By Andrew Mitchell
Last week Telus announced plans to offer wireless high speed Internet in Whistler, offering customers and clients the ability to access the web, e-mail and other online services through compatible devices.
“Telus is excited to bring Wireless High Speed to Whistler, one of the hottest tourist destinations in the country and the home of the Telus World Ski and Snowboard Festival,” said Robert Blumenthal, senior vice president of products and services for Telus. “By uniting the broadband speed of our wireless high speed network with the newest portable computing and entertainment devices, Telus is providing clients in Vancouver, Whistler and urban centres across Canada with the most powerful mobile data solutions available.”
While Whistler already has several wireless services and hot spots Telus believes their service, which launched in November, will offer customers several benefits.
The service is based on the CDMA 1xEVDO standard, a third generation wireless technology, and uses the cellular network to provide broadband.
Some upgrading was required to the Telus cellular network to accommodate EVDO, but for subscribers it will mean that broadband is available anywhere you have cell phone coverage.
“Where we have EVDO infrastructure, people can enjoy transfer rates of 400 to 700 kilobits a second, and when you’re outside of that cellular footprint you can still get wireless internet over our 1X network at 80 to 100 kilobits,” explained Chris Langdon, vice president of wireless solutions for Telus. “You don’t have to worry about what network you’re connecting to, as subscribers will automatically be connected to the best network available.”
Another advantage of the technology is that a subscription is not limited to hot areas, but is portable. In other words subscribers can use their account to access Telus wireless networks in Vancouver, Edmonton, Calgary, Fort McMurray, Toronto, Montreal, Mont Tremblant, St. Jovite and Quebec City. Telus also has plans to expand service into other urban areas through 2006.

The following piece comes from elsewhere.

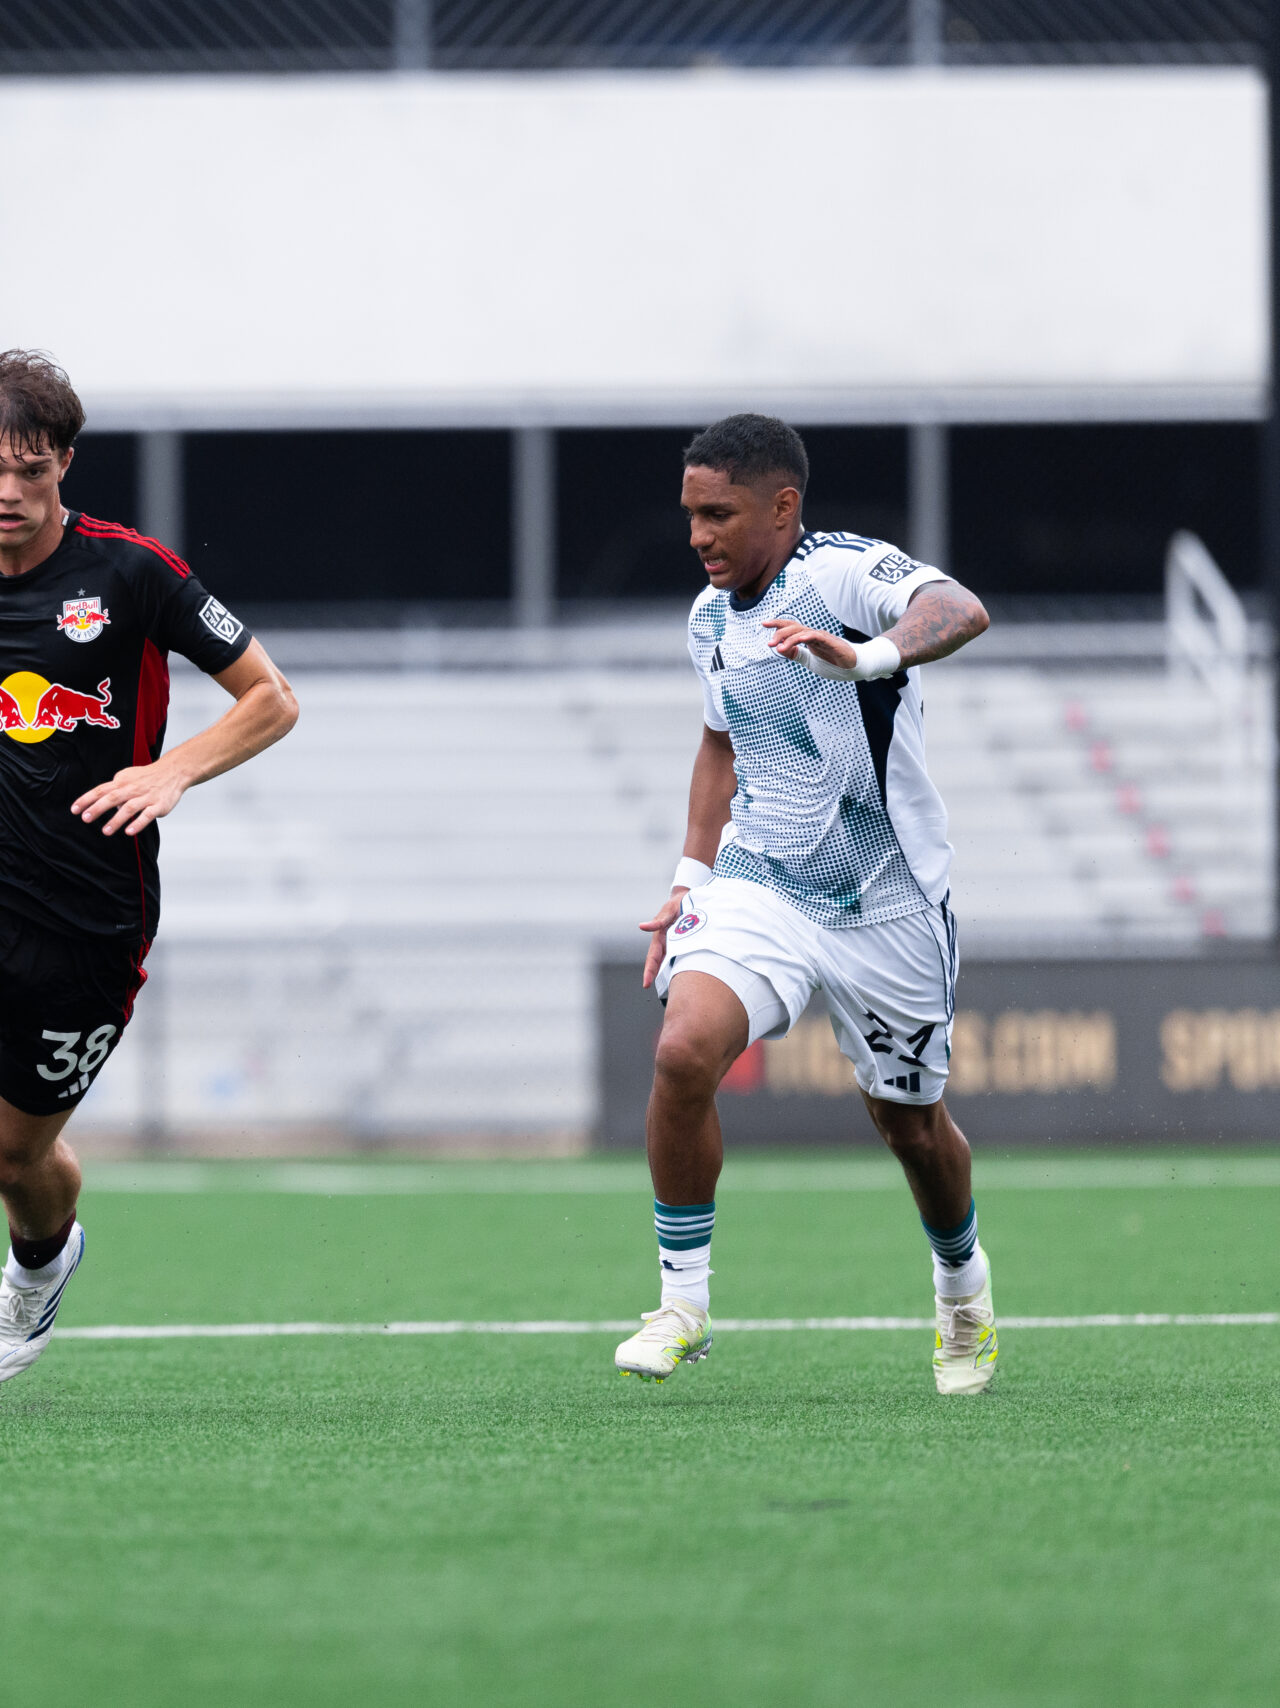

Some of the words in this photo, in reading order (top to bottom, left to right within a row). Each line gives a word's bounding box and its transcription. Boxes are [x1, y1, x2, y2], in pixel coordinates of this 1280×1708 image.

The service is priced competitively with other wireless networks, says Langdon, and can be fully utilized by most next generation music- and video-enabled cell phones and BlackBerry devices. Laptops will need a special card that can communicate with the EVDO system, which are available starting at around $99.
“You can access the new music service LG phone we introduced in March to get full track musical downloads, you get mobile TV, wireless high speed computing. All are enabled and for people already using these things the experience we’re offering is more robust.”
Whistler is rapidly becoming one of the most connected towns anywhere with an already crowded market of wireless services available. Visitors and residents in the village can already access Yodel, which is co-owned by the Resort Municipality of Whistler, and Whistler Cable’s own Whooshnet Wireless Service. In addition, Tranzeo is beaming a high-speed microwave broadband service to a growing number of clients throughout the village and valley.
There are also several other smaller companies offering wireless service in smaller areas, and there’s a strong possibility that Bell Canada will also be entering the market once they run a high speed fiber optic line up to Whistler as part of the company’s Olympic commitment.
Still, Landon feels that the ability to roam and competitive pricing will ensure a niche for Telus’s service in Whistler.
“The key advantage is now you can take it anywhere,” he said.